Showing posts with label Futuristic Action Romance. Show all posts
Showing posts with label Futuristic Action Romance. Show all posts

Tuesday, May 08, 2007

Presidential Politics Alien Style

Folks:

This is a blog about Alien Romance, but a while ago someone asked about the writing technique known as Worldbuilding -- and for most of my posts since, I've been developing a long instructional piece on how to do the kind of thinking native to SF while still telling a whopping romance story.

Most people think of worldbuilding as having to do with science -- and sometimes they dare to include sociology or psychology.

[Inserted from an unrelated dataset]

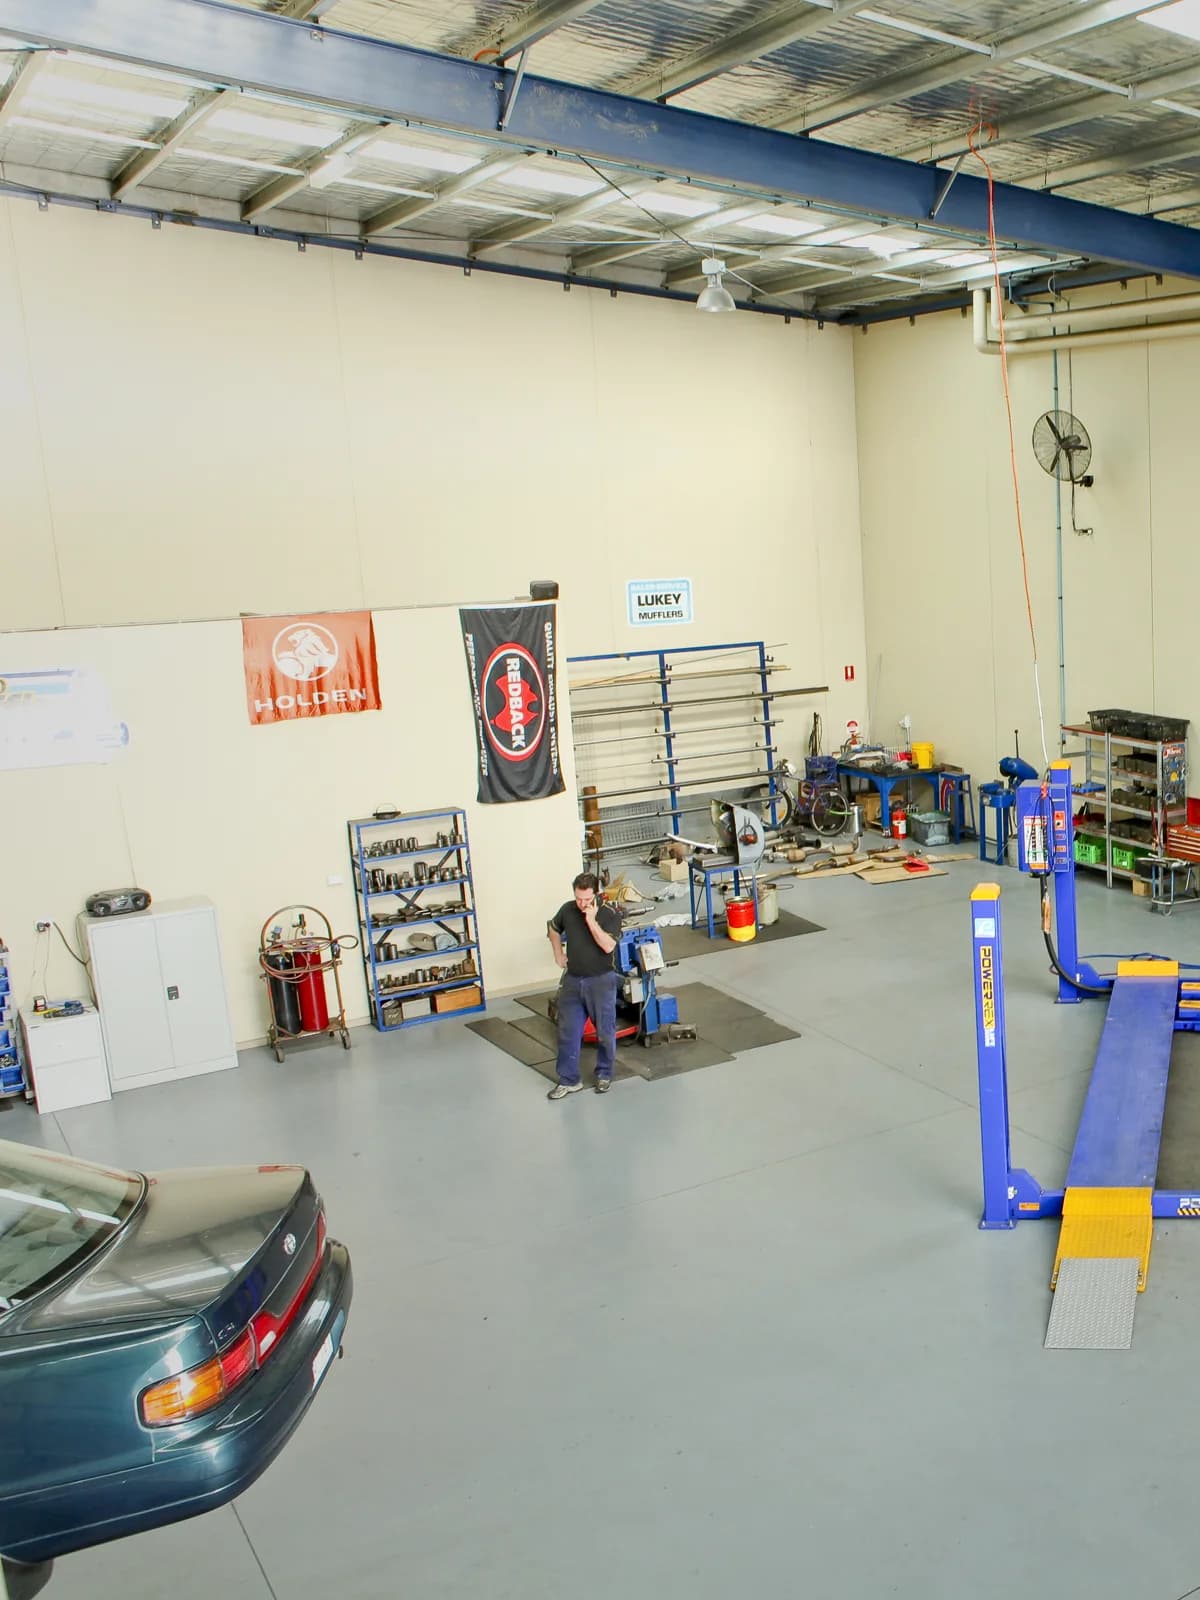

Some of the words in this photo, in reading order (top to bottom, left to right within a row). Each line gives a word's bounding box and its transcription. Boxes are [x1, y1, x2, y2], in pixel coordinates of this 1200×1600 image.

But the real point of all the science (how big is the world you're building, what's its gravity, what kind of sun does it have, moons?, cycles and seasons, evolutionary pressures, contact with other worlds in this galaxy or another etc. etc) the real point is to start with the physics of the star's makeup, project what kind of worlds would circle that star, start with a raw dead hunk of rock and develope an environment conducive to life.

Then you have to populate that environment with plants and animals (or some bizarre equivalent) from single protein molecules on up -- then figure what pressures that environment would put on life to force the development of intelligence -- THEN decide what sort of Divine intervention actually happened to produce people, or what sort of Divine intervention those people postulate and/or believe solemnly.

And the point of all this -- ROMANCE!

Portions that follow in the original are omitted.